Work order ▸ Each line from the one containing "this 1100×1685 image." through the end of the data is to be written out exactly, and nothing more.

┄┄┄┄┄┄

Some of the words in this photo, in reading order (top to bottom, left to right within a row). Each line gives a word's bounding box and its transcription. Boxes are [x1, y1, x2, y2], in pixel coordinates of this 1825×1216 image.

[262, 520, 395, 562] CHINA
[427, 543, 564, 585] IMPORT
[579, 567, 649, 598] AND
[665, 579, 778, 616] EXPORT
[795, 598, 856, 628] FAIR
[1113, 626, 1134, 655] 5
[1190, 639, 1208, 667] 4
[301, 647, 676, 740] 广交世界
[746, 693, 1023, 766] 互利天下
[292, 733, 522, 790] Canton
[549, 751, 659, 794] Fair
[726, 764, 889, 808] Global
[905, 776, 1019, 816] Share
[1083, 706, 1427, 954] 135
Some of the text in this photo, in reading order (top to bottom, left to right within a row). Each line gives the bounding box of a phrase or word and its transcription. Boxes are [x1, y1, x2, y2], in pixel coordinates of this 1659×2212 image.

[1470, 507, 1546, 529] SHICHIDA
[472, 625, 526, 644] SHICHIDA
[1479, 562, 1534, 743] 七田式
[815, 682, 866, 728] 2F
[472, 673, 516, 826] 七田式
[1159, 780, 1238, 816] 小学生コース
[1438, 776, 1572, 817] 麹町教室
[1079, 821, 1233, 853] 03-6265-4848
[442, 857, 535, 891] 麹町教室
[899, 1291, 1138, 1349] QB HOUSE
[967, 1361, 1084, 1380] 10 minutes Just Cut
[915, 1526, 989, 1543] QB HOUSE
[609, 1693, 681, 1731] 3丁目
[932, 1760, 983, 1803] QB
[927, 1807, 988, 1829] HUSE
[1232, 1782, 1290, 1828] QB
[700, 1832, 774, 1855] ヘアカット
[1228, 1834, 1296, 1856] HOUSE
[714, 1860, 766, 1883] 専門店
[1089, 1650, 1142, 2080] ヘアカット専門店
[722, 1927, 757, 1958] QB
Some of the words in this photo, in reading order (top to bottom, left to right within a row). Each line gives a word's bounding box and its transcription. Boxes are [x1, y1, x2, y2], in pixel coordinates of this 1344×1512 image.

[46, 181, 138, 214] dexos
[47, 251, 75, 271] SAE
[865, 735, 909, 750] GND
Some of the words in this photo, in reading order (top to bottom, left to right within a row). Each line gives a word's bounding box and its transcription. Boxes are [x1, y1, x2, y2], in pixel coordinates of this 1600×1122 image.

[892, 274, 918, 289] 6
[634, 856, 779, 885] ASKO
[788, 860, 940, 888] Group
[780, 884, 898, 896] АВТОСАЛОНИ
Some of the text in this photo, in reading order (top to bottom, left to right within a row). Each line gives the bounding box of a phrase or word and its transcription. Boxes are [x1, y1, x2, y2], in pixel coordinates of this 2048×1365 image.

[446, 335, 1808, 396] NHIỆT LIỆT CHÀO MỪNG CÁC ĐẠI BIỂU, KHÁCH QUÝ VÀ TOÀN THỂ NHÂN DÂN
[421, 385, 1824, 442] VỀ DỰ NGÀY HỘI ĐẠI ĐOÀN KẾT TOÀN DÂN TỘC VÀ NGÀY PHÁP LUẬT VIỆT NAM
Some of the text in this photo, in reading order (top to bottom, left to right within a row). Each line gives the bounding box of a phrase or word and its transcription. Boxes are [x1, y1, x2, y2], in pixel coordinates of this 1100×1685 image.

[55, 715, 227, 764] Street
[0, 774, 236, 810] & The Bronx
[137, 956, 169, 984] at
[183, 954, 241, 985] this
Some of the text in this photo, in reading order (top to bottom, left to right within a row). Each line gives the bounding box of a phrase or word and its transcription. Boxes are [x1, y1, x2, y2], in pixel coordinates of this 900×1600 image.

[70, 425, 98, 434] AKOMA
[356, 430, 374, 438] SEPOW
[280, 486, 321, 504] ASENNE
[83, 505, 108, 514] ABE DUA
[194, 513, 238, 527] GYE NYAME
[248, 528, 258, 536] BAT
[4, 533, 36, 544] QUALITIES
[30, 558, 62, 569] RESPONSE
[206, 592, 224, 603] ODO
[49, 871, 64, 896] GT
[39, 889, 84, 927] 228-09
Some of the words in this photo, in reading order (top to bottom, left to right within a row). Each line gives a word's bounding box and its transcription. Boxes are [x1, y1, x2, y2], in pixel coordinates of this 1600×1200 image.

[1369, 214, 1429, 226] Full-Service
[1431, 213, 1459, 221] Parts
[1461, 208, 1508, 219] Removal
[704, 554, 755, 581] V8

┄┄┄┄┄┄

Answer space ▸
Some of the text in this photo, in reading order (top to bottom, left to right within a row). Each line gives the bounding box of a phrase or word and its transcription. Boxes are [x1, y1, x2, y2], in pixel coordinates of this 1100×1685 image.

[55, 715, 227, 764] Street
[0, 774, 236, 810] & The Bronx
[137, 956, 169, 984] at
[183, 954, 241, 985] this
Some of the text in this photo, in reading order (top to bottom, left to right within a row). Each line gives the bounding box of a phrase or word and its transcription. Boxes are [x1, y1, x2, y2], in pixel coordinates of this 900×1600 image.

[70, 425, 98, 434] AKOMA
[356, 430, 374, 438] SEPOW
[280, 486, 321, 504] ASENNE
[83, 505, 108, 514] ABE DUA
[194, 513, 238, 527] GYE NYAME
[248, 528, 258, 536] BAT
[4, 533, 36, 544] QUALITIES
[30, 558, 62, 569] RESPONSE
[206, 592, 224, 603] ODO
[49, 871, 64, 896] GT
[39, 889, 84, 927] 228-09
Some of the words in this photo, in reading order (top to bottom, left to right within a row). Each line gives a word's bounding box and its transcription. Boxes are [x1, y1, x2, y2], in pixel coordinates of this 1600×1200 image.

[1369, 214, 1429, 226] Full-Service
[1431, 213, 1459, 221] Parts
[1461, 208, 1508, 219] Removal
[704, 554, 755, 581] V8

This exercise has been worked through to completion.